WHAT IS EXPECTED :: Transcribe every entry below word for word, but skip the pictures.

=== DATA FOR ANALYSIS ===

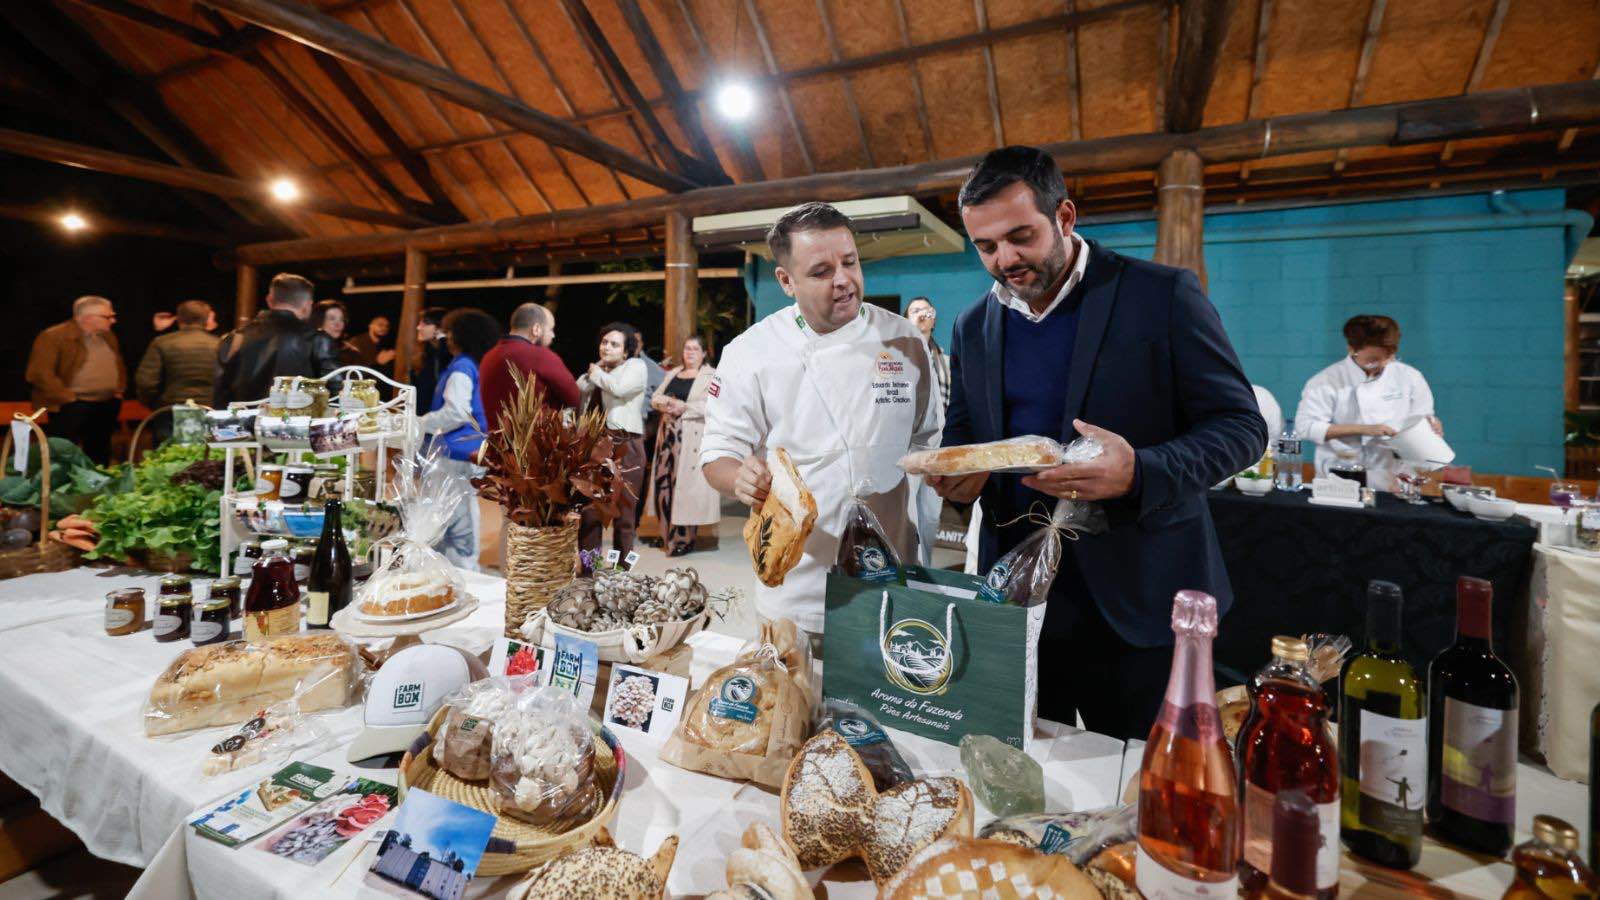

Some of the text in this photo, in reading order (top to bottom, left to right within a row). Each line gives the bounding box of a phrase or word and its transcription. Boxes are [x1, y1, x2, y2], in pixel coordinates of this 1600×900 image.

[397, 691, 420, 704] BOX
[398, 683, 421, 693] FARM
[870, 688, 904, 705] Aroma
[904, 699, 918, 709] da
[918, 700, 963, 720] Fazenda
[879, 703, 951, 730] Pães Artesanais
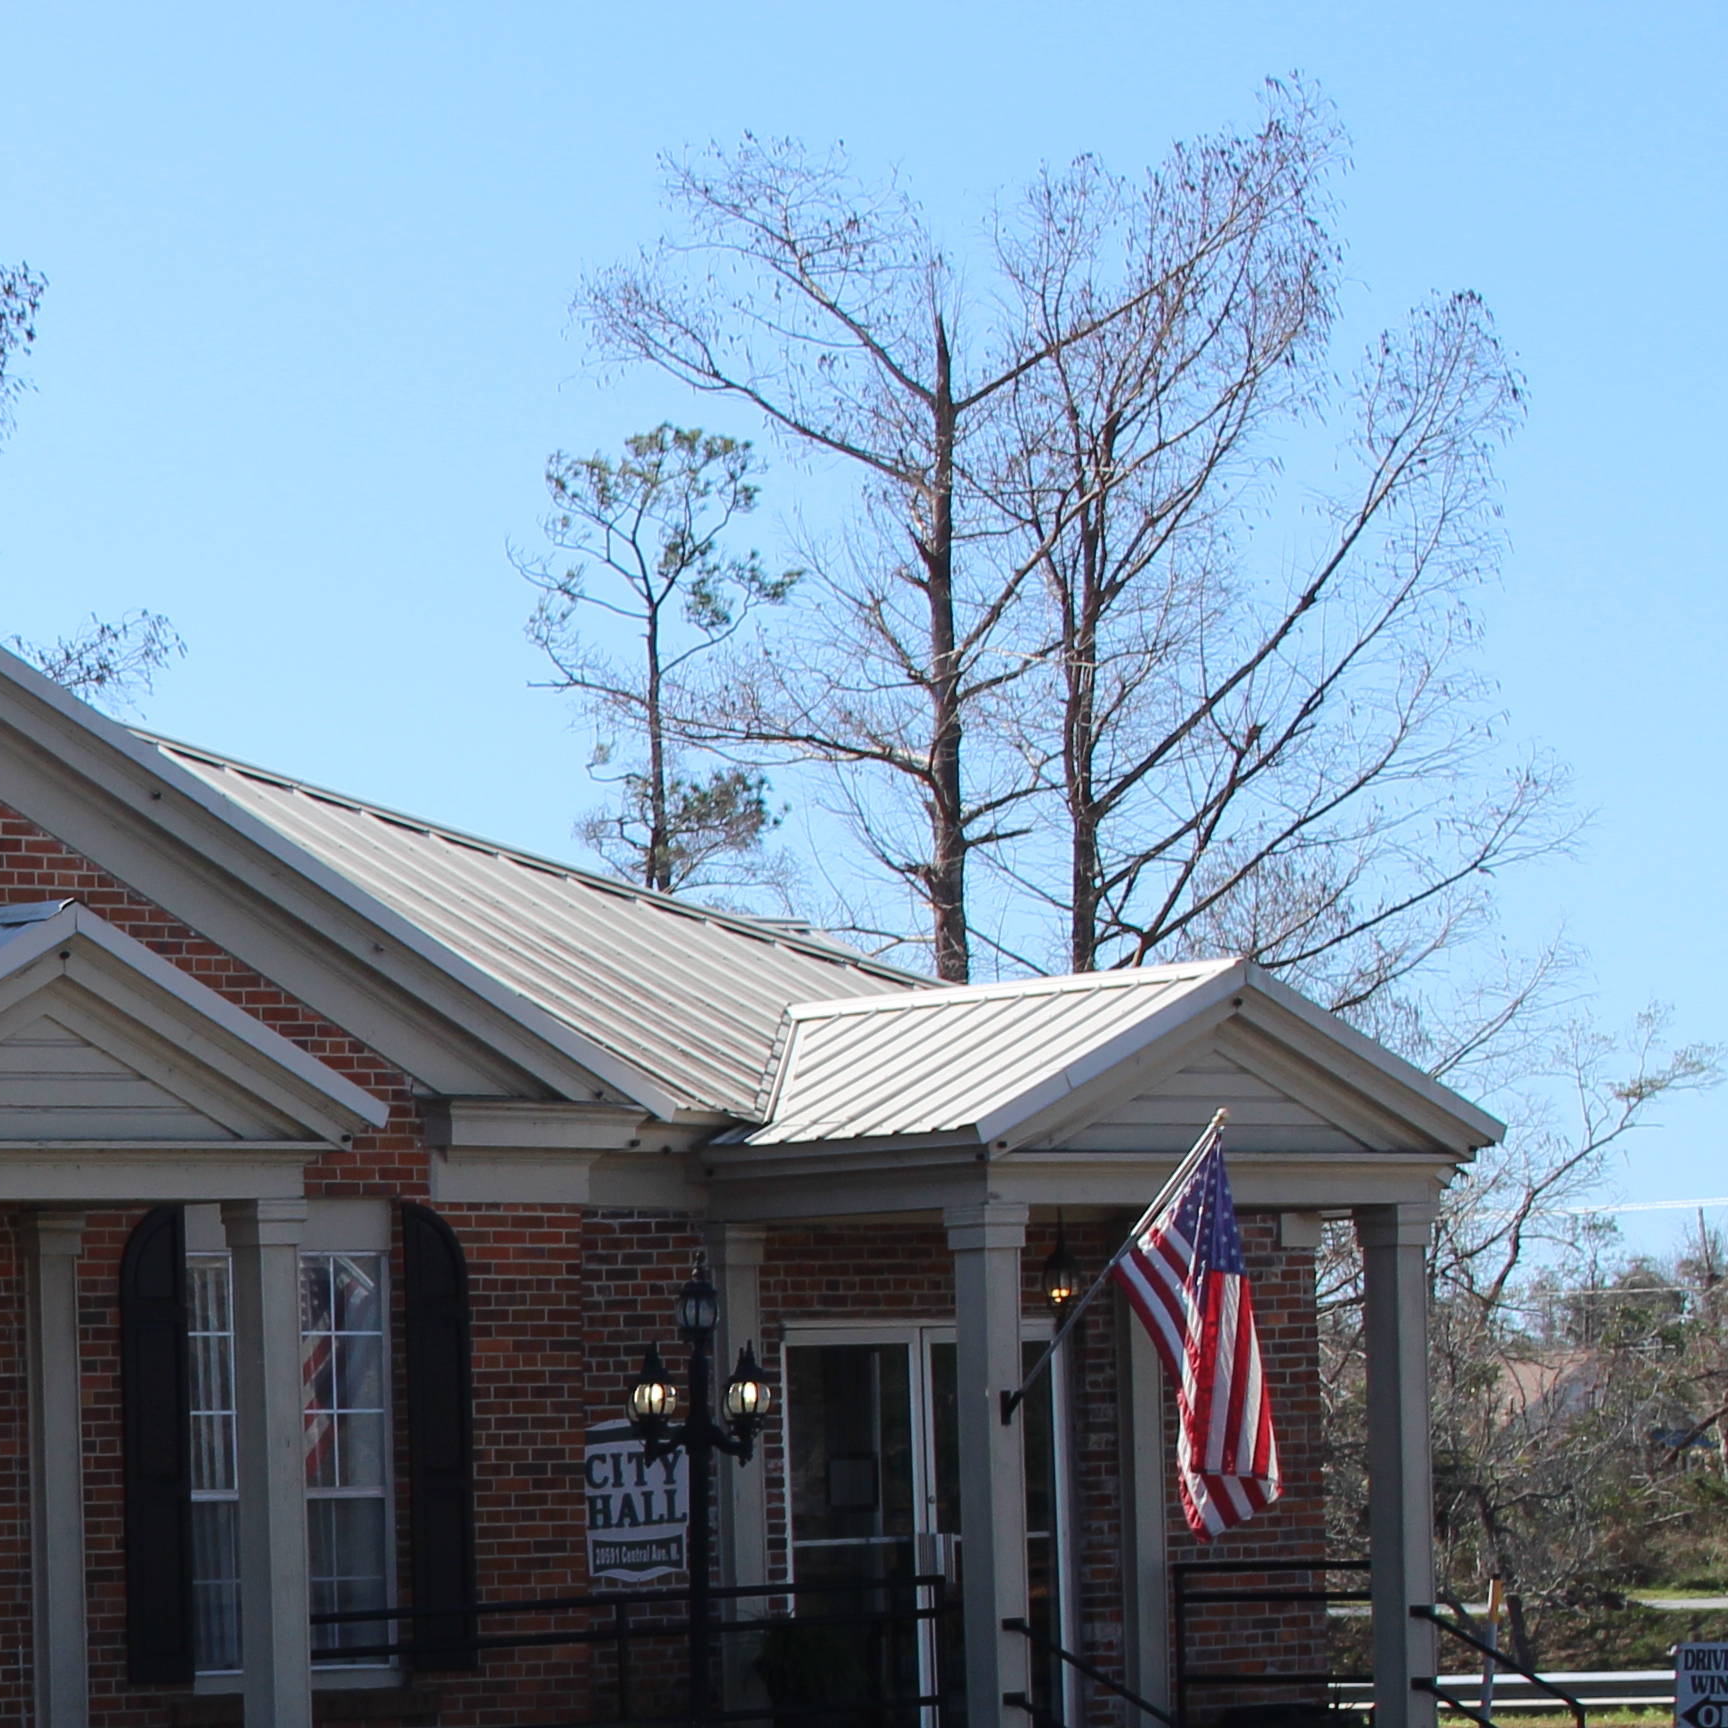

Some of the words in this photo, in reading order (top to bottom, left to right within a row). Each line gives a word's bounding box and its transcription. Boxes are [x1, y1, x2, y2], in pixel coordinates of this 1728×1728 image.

[586, 1450, 683, 1489] CITY
[587, 1488, 687, 1530] HALL
[622, 1544, 650, 1563] Central
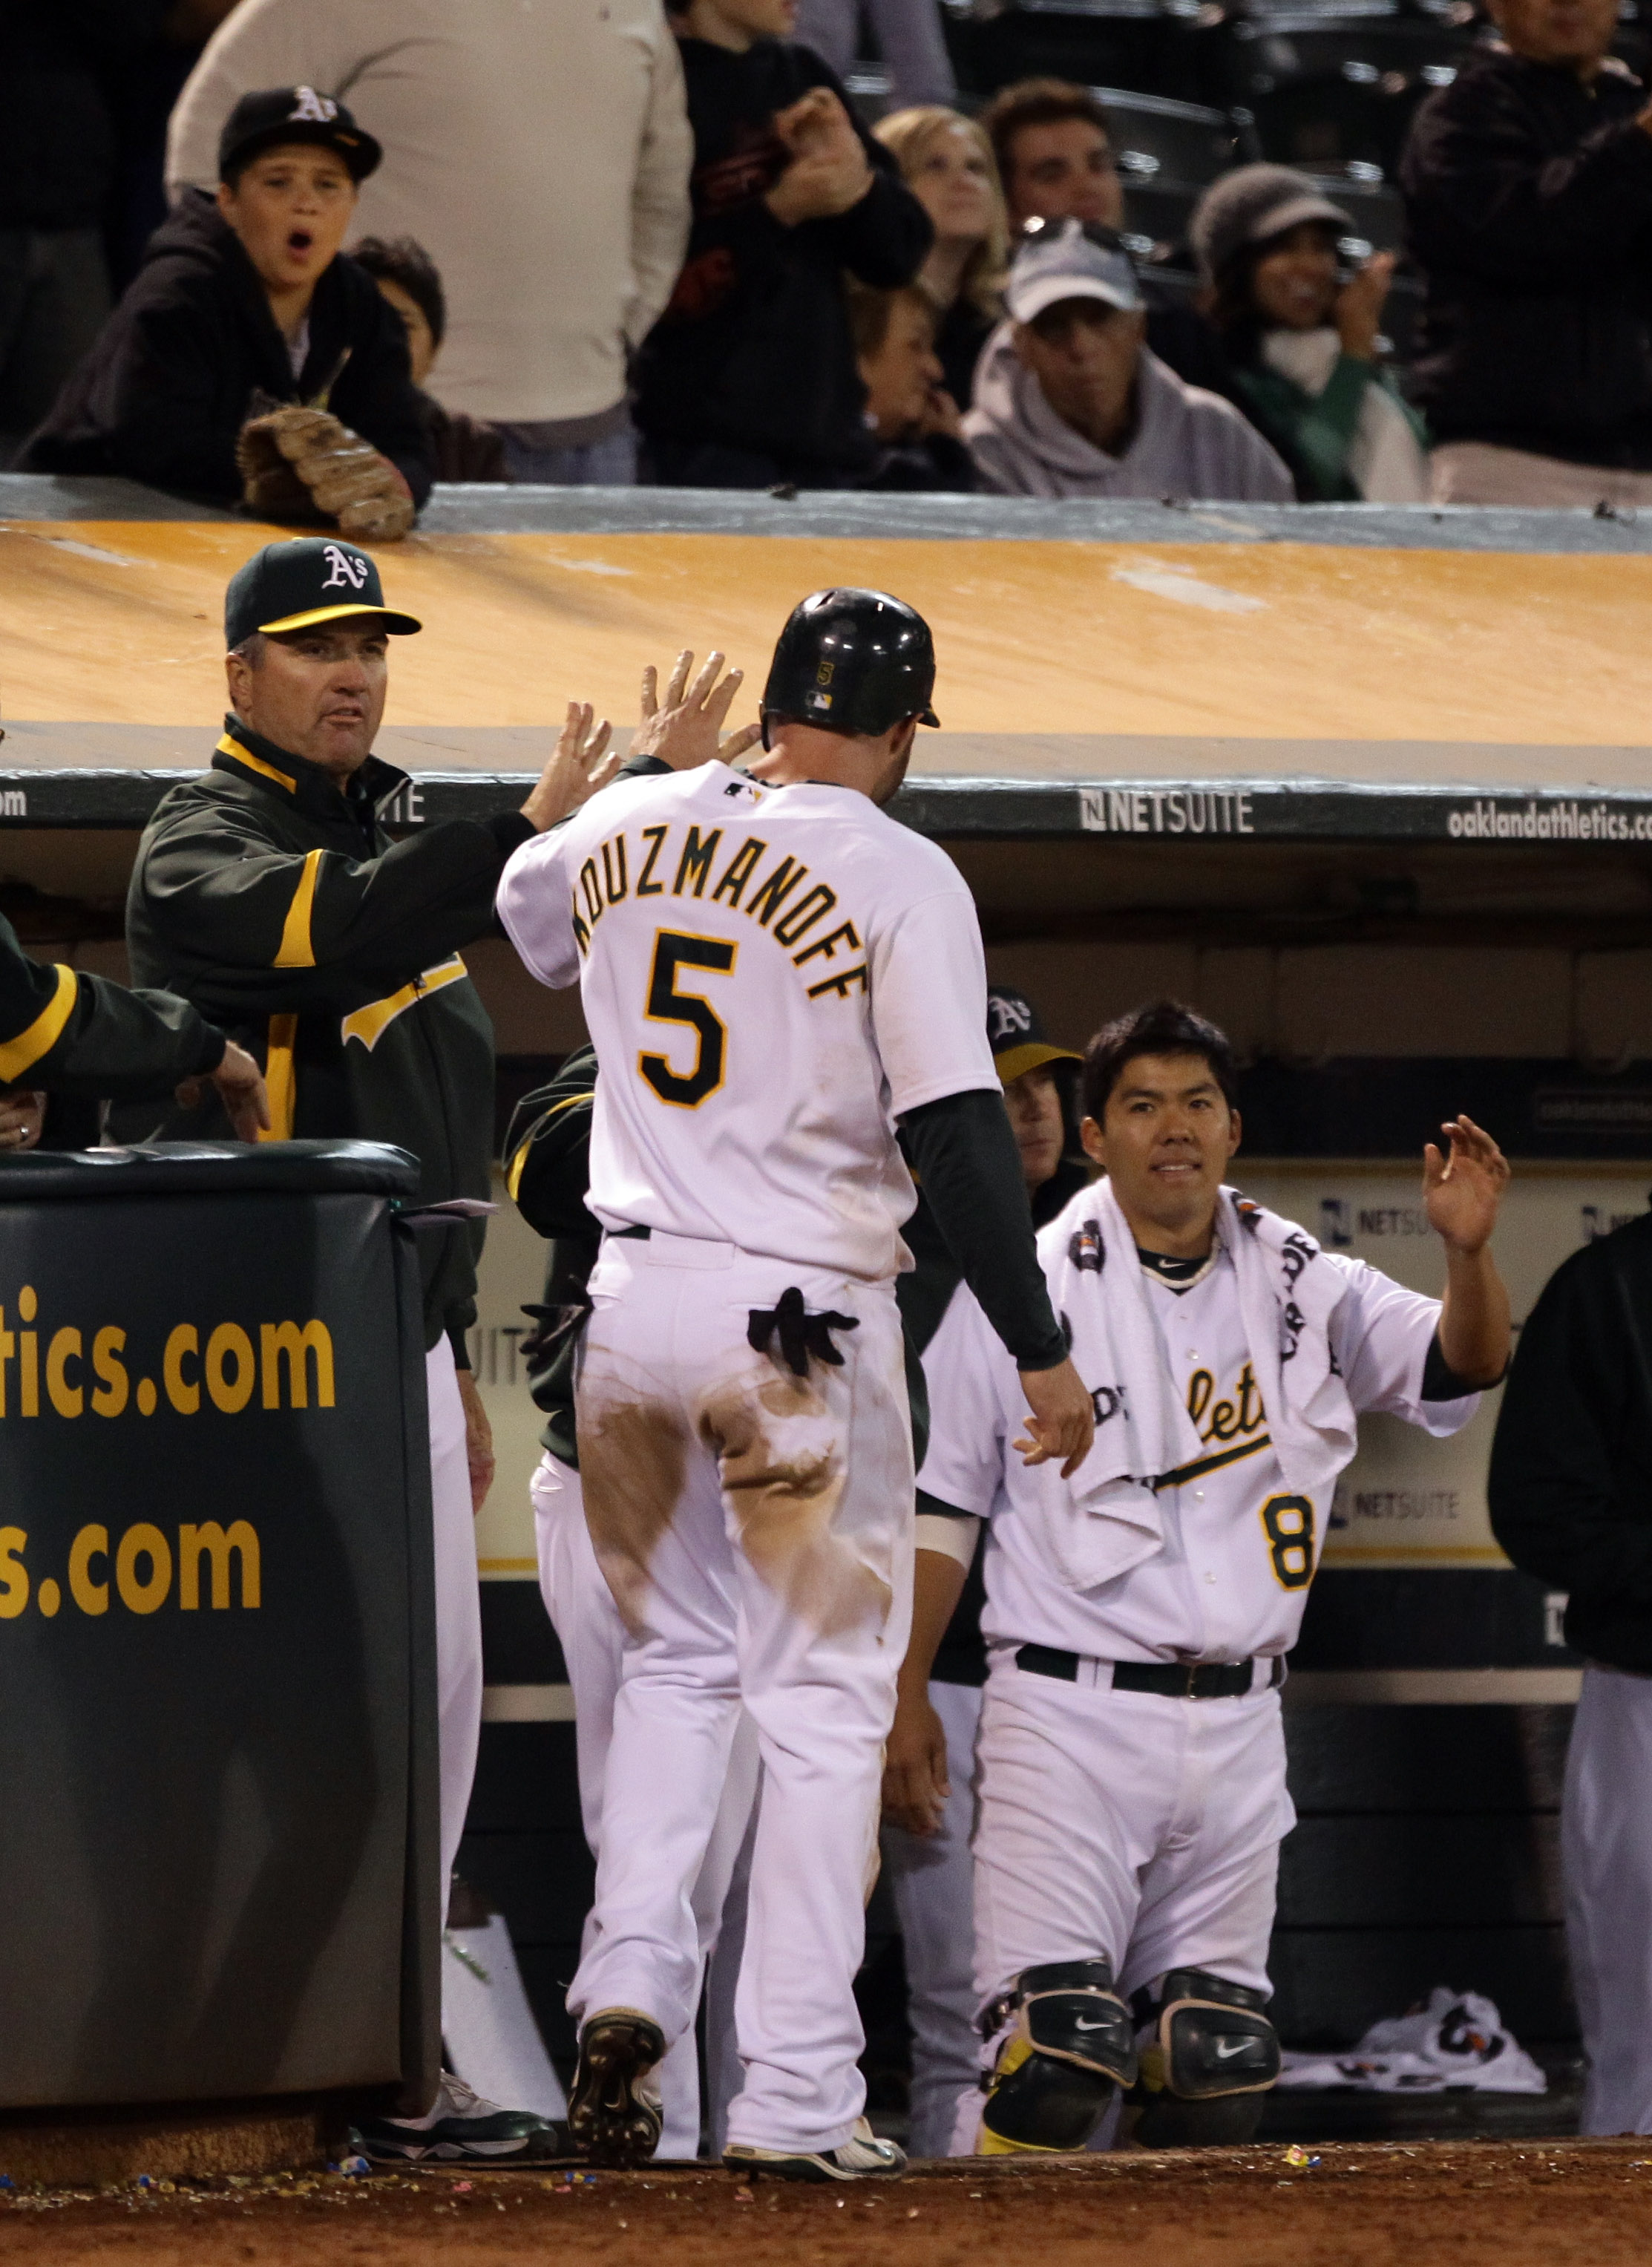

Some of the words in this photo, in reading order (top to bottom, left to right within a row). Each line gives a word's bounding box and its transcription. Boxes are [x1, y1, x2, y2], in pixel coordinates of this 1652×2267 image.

[321, 545, 369, 589] A's
[818, 661, 834, 686] 5
[1109, 790, 1255, 833] NETSUITE
[571, 822, 870, 1002] KOUZMANOFF
[637, 926, 739, 1110] 5
[1354, 1491, 1461, 1519] NETSUITE
[0, 1519, 261, 1619] s.com
[1259, 1492, 1317, 1592] 8

===

RESPONSE AREA ::
Some of the text in this photo, in reading order (top to bottom, left to right within a row). Each line gives the bounding box of a phrase or word and its transcription. Boxes are [x1, y1, x2, y2], in pixel coordinates of this 1600×900 image.

[397, 691, 420, 704] BOX
[398, 683, 421, 693] FARM
[870, 688, 904, 705] Aroma
[904, 699, 918, 709] da
[918, 700, 963, 720] Fazenda
[879, 703, 951, 730] Pães Artesanais

Some of the words in this photo, in reading order (top to bottom, left to right within a row). Each line gives a word's bounding box and its transcription. Boxes are [x1, y1, x2, y2], in pixel coordinates of this 1728×1728 image.

[586, 1450, 683, 1489] CITY
[587, 1488, 687, 1530] HALL
[622, 1544, 650, 1563] Central

Some of the words in this photo, in reading order (top to bottom, left to right within a row). Each line gives a word's bounding box and its transcription. Boxes are [x1, y1, x2, y2], in pixel coordinates of this 1652×2267 image.

[321, 545, 369, 589] A's
[818, 661, 834, 686] 5
[1109, 790, 1255, 833] NETSUITE
[571, 822, 870, 1002] KOUZMANOFF
[637, 926, 739, 1110] 5
[1354, 1491, 1461, 1519] NETSUITE
[0, 1519, 261, 1619] s.com
[1259, 1492, 1317, 1592] 8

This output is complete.